Pourquoi une telle différence ? L'explication tient en une formule :
l'empilement du dispositif de l'exonération des heures supplémentaires
et de celui de la prime pour l'emploi (PPE). La PPE, destinée aux
salariés qui gagnent moins de 1,4 Smic, est calculée à partir du
«revenu fiscal de référence». Or, les revenus des heures
supplémentaires, s'ils sont exonérés d'impôt sur le revenu (ils ne
passent pas à la moulinette du barème progressif), sont intégrés au
revenu fiscal de référence (tour comme d'autres revenus non soumis au
barème de l'IR, comme les plus values par exemple). Dans notre
exemple, le revenu fiscal de référence de Martin est supérieur de
2.000 euros à celui de Jean, ce qui vient mécaniquement diminuer sa
PPE (plus on gagne, moins la PPE est élevée, et à partir de 1,4 Smic,
elle est nulle). Pour calculer l'impôt à payer, on passe donc les
15.000 euros au barème de l'IR pour obtenir un impôt brut auquel on
soustrait le montant de la PPE, lui-même calculé à part. La PPE de
Martin étant moins élevée que celle de Jean, la somme qu'il doit payer
est sensiblement plus élevée.
Les 2.000 euros supplémentaires du « travailler plus pour gagner plus
» supporteront donc un taux effectif d'imposition à l'IR de 19,3 %
(413 – 27 = 386 euros d'IR supplémentaire. 386/2000 = 19,3 %). A titre
d'exemple, c'est le taux effectif d'imposition global que supporte un
salarié célibataire qui déclare 55.000 euros…
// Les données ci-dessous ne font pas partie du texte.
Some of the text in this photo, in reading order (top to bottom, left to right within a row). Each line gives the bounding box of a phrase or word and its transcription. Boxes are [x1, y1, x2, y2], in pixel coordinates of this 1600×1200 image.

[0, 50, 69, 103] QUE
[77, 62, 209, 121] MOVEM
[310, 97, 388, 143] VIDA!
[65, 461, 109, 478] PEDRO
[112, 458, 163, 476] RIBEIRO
Pour Martin, l'affaire ne s'arrête pas là, car le revenu fiscal de
référence sert aussi de base de calcul au dégrèvement qui vient
diminuer la taxe d'habitation en deçà d'un certain niveau de revenu.
Et comme le revenu fiscal de référence de Martin sera plus élevé que
celui de Jean, son abattement sera moins élevé que celui de Jean.
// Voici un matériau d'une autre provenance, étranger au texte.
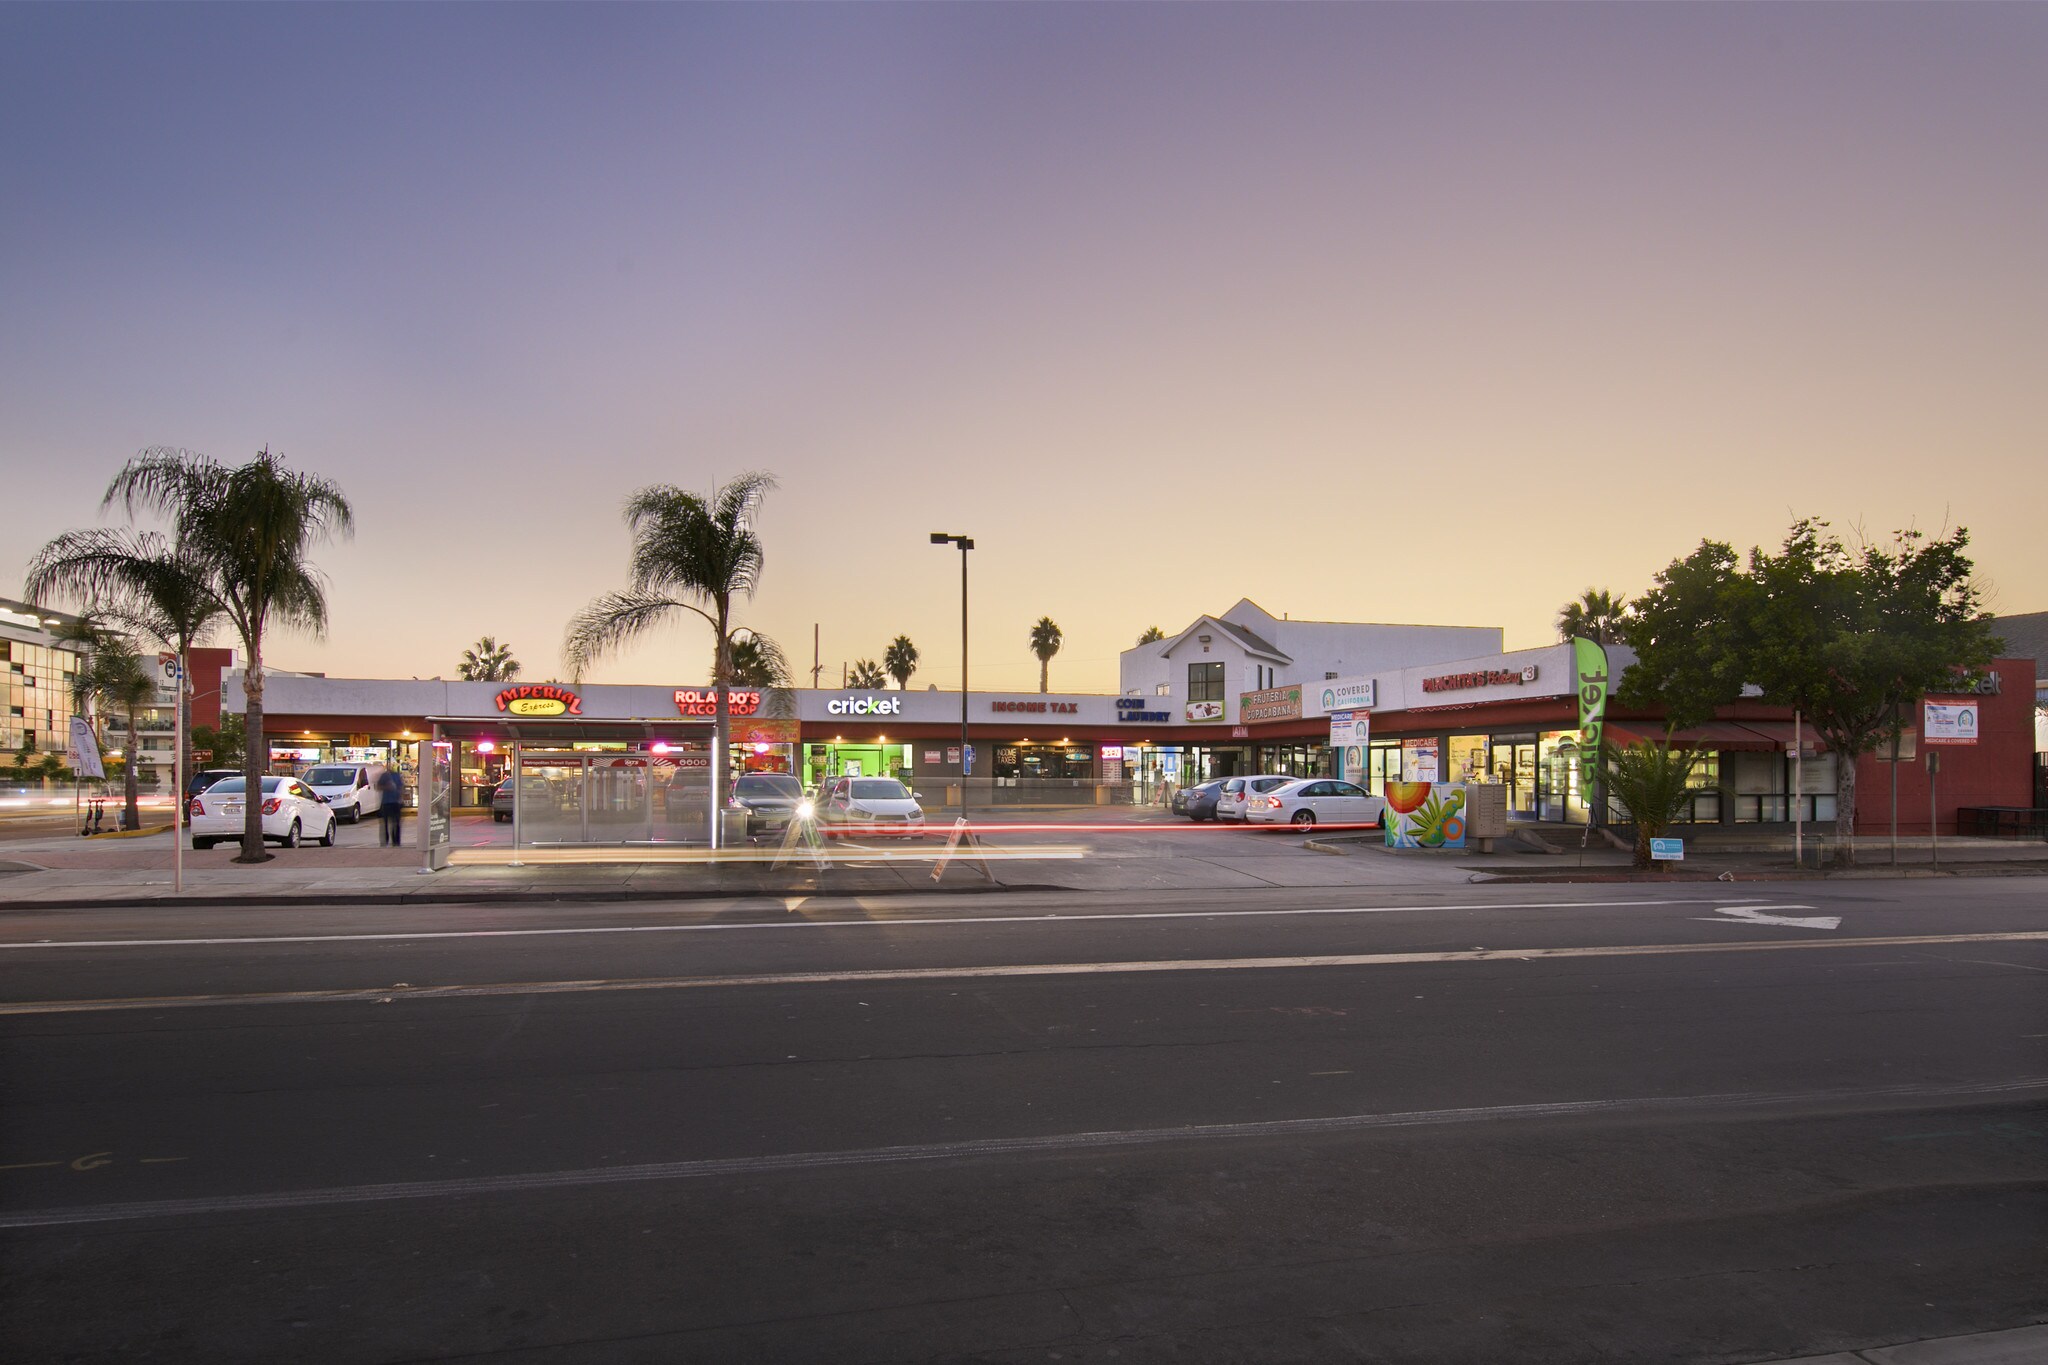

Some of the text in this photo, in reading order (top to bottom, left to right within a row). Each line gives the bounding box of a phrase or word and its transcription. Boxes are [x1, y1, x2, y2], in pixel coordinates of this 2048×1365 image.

[1336, 684, 1370, 697] COVERED
[495, 685, 583, 714] IMPERIAL
[674, 690, 760, 704] ROLADO'S
[1253, 690, 1287, 705] FRUTERIA
[1336, 695, 1370, 706] CALIFORNIA
[520, 702, 554, 712] Express
[678, 703, 758, 715] TACO HOP
[827, 696, 900, 714] cricket
[992, 702, 1078, 713] INCOME TAX
[1116, 698, 1145, 709] COIN
[1118, 711, 1171, 722] LAUNDRY
[1246, 704, 1292, 720] COPACABANA
[1233, 727, 1247, 736] ATM
[1580, 670, 1608, 785] cricket
[351, 735, 369, 747] ATM
[1404, 738, 1438, 748] MEDICARE
Ainsi, par exemple, toutes choses étant égales par ailleurs (même
valeur locative, même commune, même situation familiale), pour une
taxe d'habitation avant abattement de 600 euros, Jean paiera 62 euros
de moins que Martin en taxe d'habitation.
Cet exemple n'est pas un cas d'école. Avec près de 9 millions de
bénéficiaires de la PPE et un salaire médian évalué par l'Insee à
16.430 euros (données 2005), il est facile de comprendre que de
nombreux salariés peuvent avoir ce type de surprise en fin d'année à
la réception de leurs avis d'imposition.
Ne nous y trompons pas : Jean n'est pas fiscalement privilégié car de
manière générale, le système fiscal français pénalise en réalité
autant Jean que Martin. Tous deux paient la TVA (50 % des recettes de
l'Etat), des impôts locaux, des taxes sur la consommation (TIPP…) et
aucun des deux n'a les moyens de défiscaliser. Cet exemple montre
surtout que la profusion des mesures dérogatoires (dont les fameuses
niches fiscales) n'est bon ni pour une juste répartition de la
contribution commune, ni pour la compréhension de l'impôt, ni, enfin,
pour sa légitimité. On n'ose penser que c'était but recherché.